L’Etat, pour sa part, conclut à la confirmation pure et simple du jugement dont appel à partir des développements et conclusions du tribunal y contenus, tout en se référant à son mémoire déposé en première instance ainsi qu’aux pièces y versées.

Concernant la demande de reconnaissance du statut de réfugié, il se dégage de la combinaison des articles 2 sub h), 2 sub f), 39, 40 et 42, paragraphe (1), de la loi du 18 décembre 2015 que l’octroi du statut de réfugié est notamment soumis aux conditions que les actes invoqués sont motivés par un des critères de fond y définis, à savoir la race, la religion, la nationalité, les opinions politiques ou l’appartenance à un certain groupe social, que ces actes sont d’une gravité suffisante au sens de l’article 42, paragraphe (1), de la loi du 18 décembre 2015, et qu’ils émanent de personnes qualifiées comme acteurs aux termes des articles 39 et 40 de ladite loi, étant entendu qu’au cas où les auteurs des actes sont des personnes privées, elles sont à qualifier comme acteurs seulement dans le cas où les acteurs visés aux points a) et b) de l’article 39 de la loi du 18 décembre 2015 ne peuvent ou ne veulent pas accorder une protection contre les persécutions et, enfin, que le demandeur ne peut ou ne veut pas se réclamer de la protection de son pays d’origine.

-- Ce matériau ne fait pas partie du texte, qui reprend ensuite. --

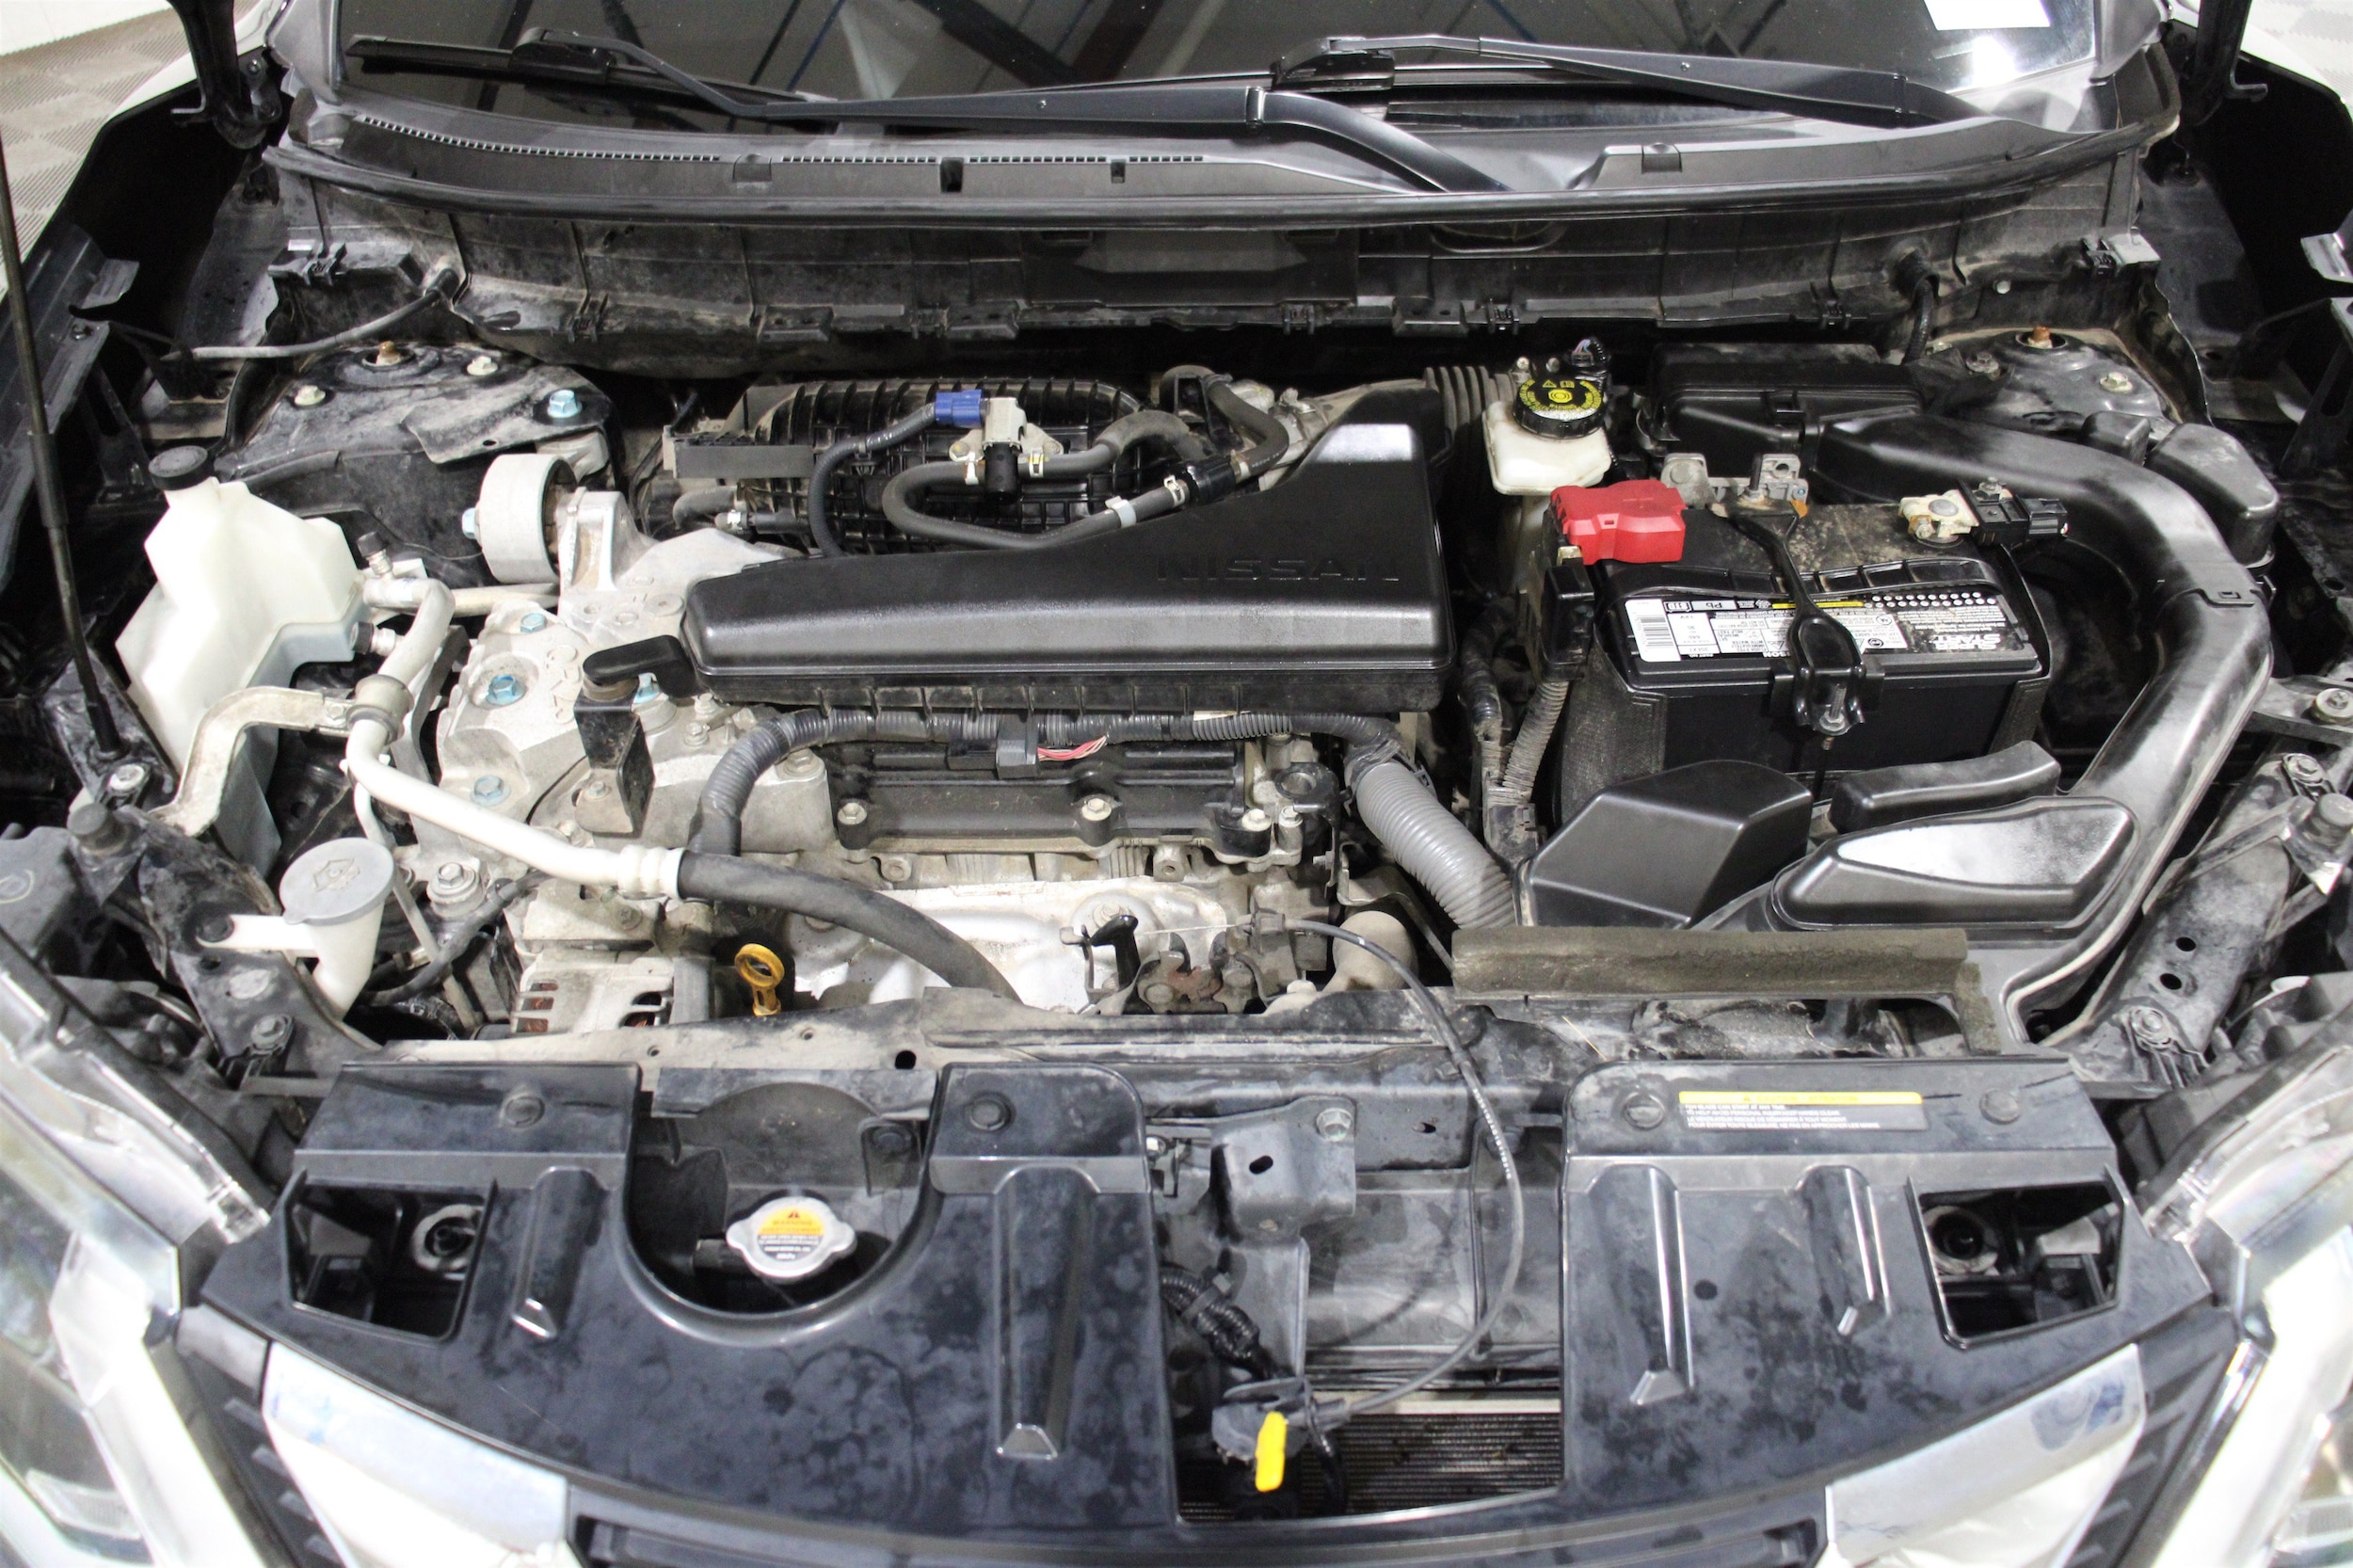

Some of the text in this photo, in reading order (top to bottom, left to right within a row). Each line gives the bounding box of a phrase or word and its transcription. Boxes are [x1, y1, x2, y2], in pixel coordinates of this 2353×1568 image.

Dans la mesure où les conditions sus-énoncées doivent être réunies cumulativement, le fait que l’une d’entre elles ne soit pas valablement remplie est suffisant pour conclure que le demandeur de protection internationale ne saurait bénéficier du statut de réfugié.

Sur le vu des faits de la cause qui sont en substance les mêmes que ceux soumis aux premiers juges, la Cour arrive à la conclusion que les premiers juges les ont appréciés à leur juste valeur et en ont tiré les conclusions juridiques exactes.

A l’appui de leur demande de protection internationale, les appelants exposent craindre des persécutions en cas de retour en Turquie en raison de leur origine kurde et de l’engagement de l’appelant en faveur du parti pro-kurde HDP. Ils invoquent le refus de Monsieur (T) de devenir gardien de village, les pressions exercées sur lui suite à ce refus et le fait qu’il aurait subi plusieurs gardes à vue. Ils font encore état d’une procédure judiciaire lancée contre l’appelant du chef de ses activités politiques.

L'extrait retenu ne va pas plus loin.